Local VLMs Revolutionize Document Redaction with Bounding Box OCR for PII Protection
A new open-source application leverages Qwen 3 VL and hybrid OCR techniques to detect and redact personally identifiable information in documents with unprecedented local precision. The system, developed by independent researcher Sean Pedrick, combines visual-language models with traditional OCR to achieve high accuracy on handwritten and degraded texts.

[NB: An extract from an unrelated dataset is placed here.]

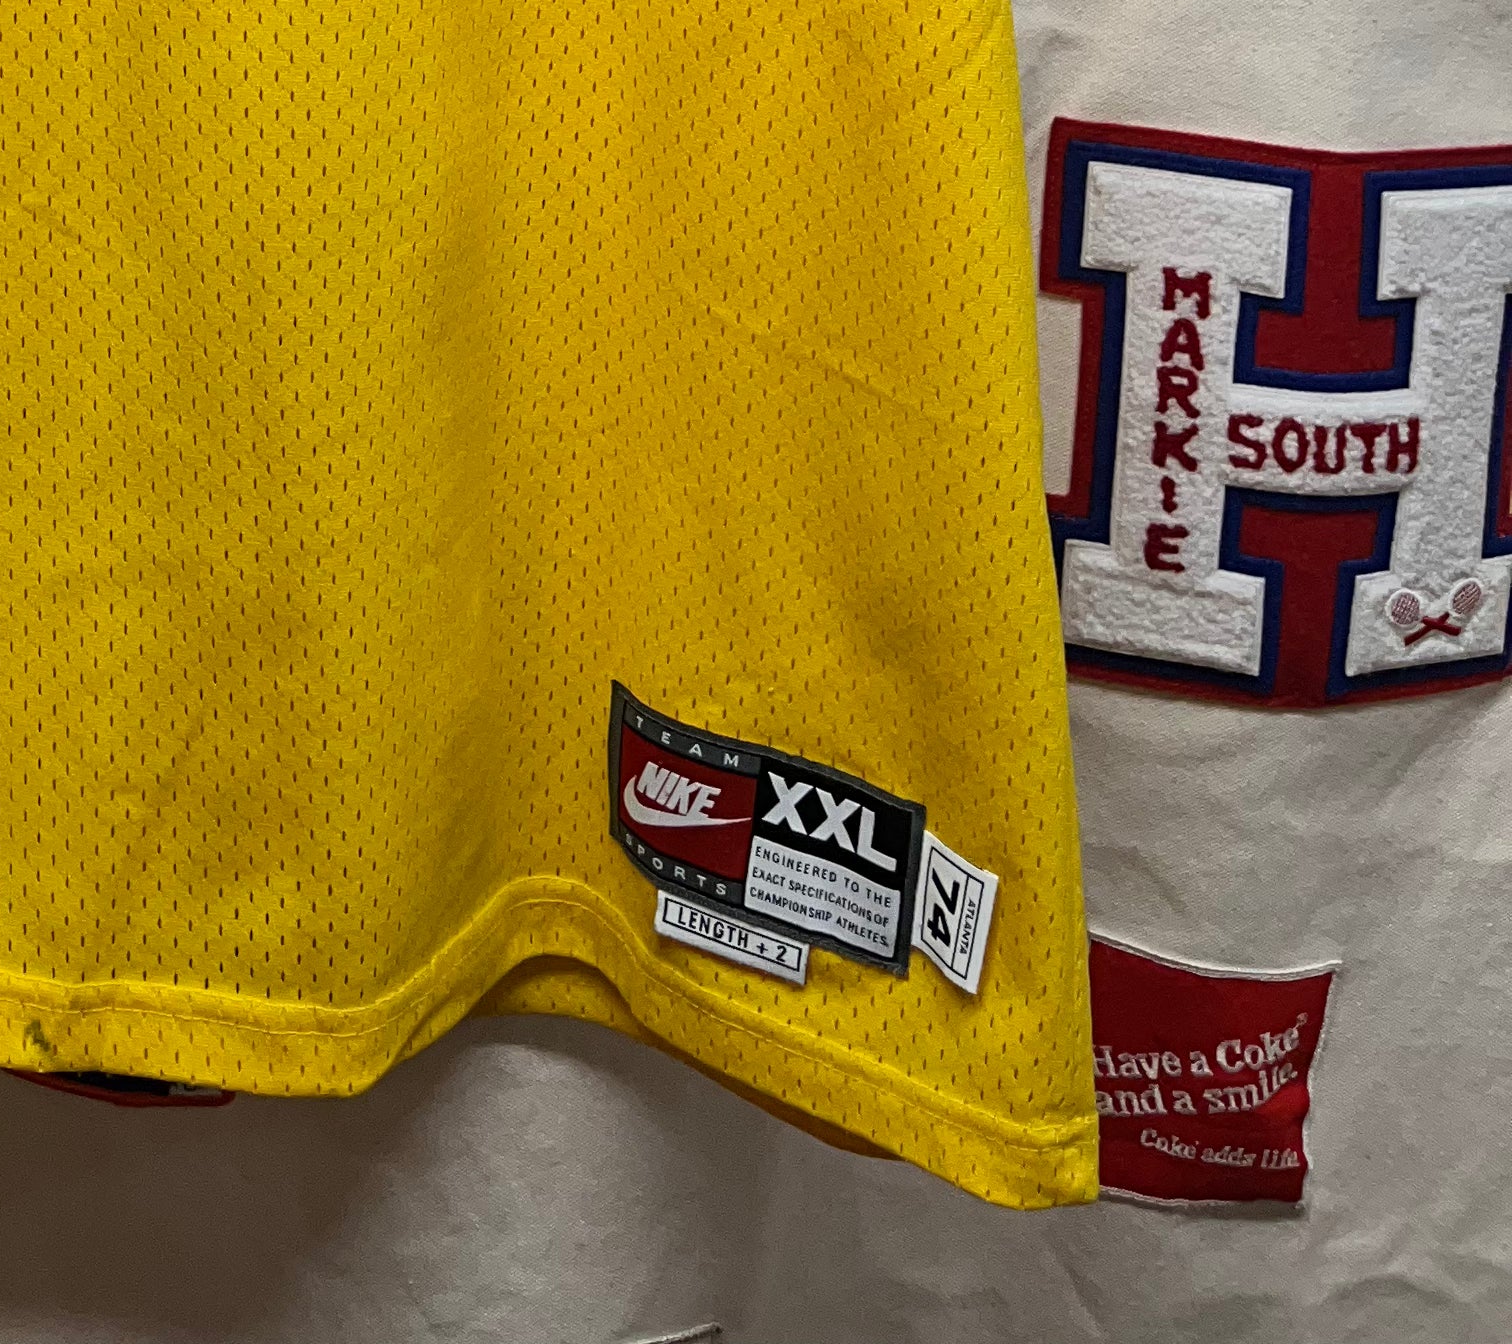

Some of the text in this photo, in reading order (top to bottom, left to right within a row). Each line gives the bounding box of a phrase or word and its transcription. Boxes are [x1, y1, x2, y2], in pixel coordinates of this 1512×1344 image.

Local VLMs Revolutionize Document Redaction with Bounding Box OCR for PII Protection
In a significant advancement for privacy-focused document processing, an open-source application has demonstrated that consumer-grade GPUs can power highly accurate, local document redaction workflows using visual-language models (VLMs). Developed by independent researcher Sean Pedrick and detailed in a public blog post, the Document Redaction App integrates Qwen 3 VL 8B Instruct—a compact yet powerful multimodal AI model—to detect and redact personally identifiable information (PII) with precise bounding box localization, a critical requirement for legal and compliance workflows.
Unlike conventional OCR systems that output only text, redaction requires spatial awareness: knowing exactly where a name, Social Security number, or signature appears on a page to obscure it without altering surrounding content. Pedrick’s system addresses this by employing two distinct approaches: a pure VLM method that directly extracts text and bounding boxes from scanned documents, and a hybrid model that pairs PaddleOCR’s high-precision line-level detection with Qwen 3 VL’s contextual intelligence to resolve ambiguous or degraded text, particularly in handwritten notes.
According to the developer’s testing, the hybrid approach outperforms pure VLM inference on challenging documents such as faded handwritten forms, smudged signatures, and low-contrast scanned receipts. In one example, a handwritten medical form with overlapping ink and poor contrast was processed with 92% accuracy in identifying PII fields using the hybrid method, compared to 78% with Qwen 3 VL alone. The system also successfully detects non-textual PII, including faces and handwritten signatures, using the VLM’s visual understanding capabilities—a feature rarely implemented in traditional redaction tools.
The application is fully open-source and available on GitHub, with a free, no-installation demo hosted on Hugging Face Spaces, allowing users to upload documents and see redaction results in real time. This accessibility is a major departure from enterprise-grade redaction platforms, which often require cloud processing, expensive licensing, and data transmission outside secure environments. By running entirely locally on GPUs with 24GB VRAM or less, the system enables law firms, healthcare providers, and government agencies to comply with GDPR, HIPAA, and other privacy regulations without exposing sensitive documents to third-party servers.
Pedrick’s work builds on emerging research in semantic document layout analysis, such as the SCAN framework recently published on arXiv, which demonstrates how multimodal models can interpret document structure through both textual and visual cues. While SCAN focuses on retrieval-augmented generation for legal and archival documents, Pedrick’s implementation applies similar principles to the practical, high-stakes domain of data redaction. His use of mid-sized LLMs like Gemma 27B to identify custom entities—such as internal project codes or employee IDs—further extends the system’s utility beyond standard PII categories.
Despite promising results, the system is not yet perfect. Handwritten cursive, overlapping text, and heavily corrupted scans still pose challenges, with error rates hovering around 8–12% in edge cases. Pedrick anticipates that the upcoming Qwen 3.5 VL models, expected to offer improved resolution and reasoning, will significantly close this gap. He has already begun retraining his pipeline with early access versions of the new model and plans to publish updated benchmarks in the coming weeks.
This innovation signals a broader shift in AI-powered compliance: away from cloud-dependent, black-box systems toward transparent, locally-executed tools that empower organizations to protect privacy without sacrificing control. As regulatory scrutiny intensifies globally, solutions like Pedrick’s may become the new standard—not because they are perfect, but because they are auditable, private, and accessible to institutions of all sizes.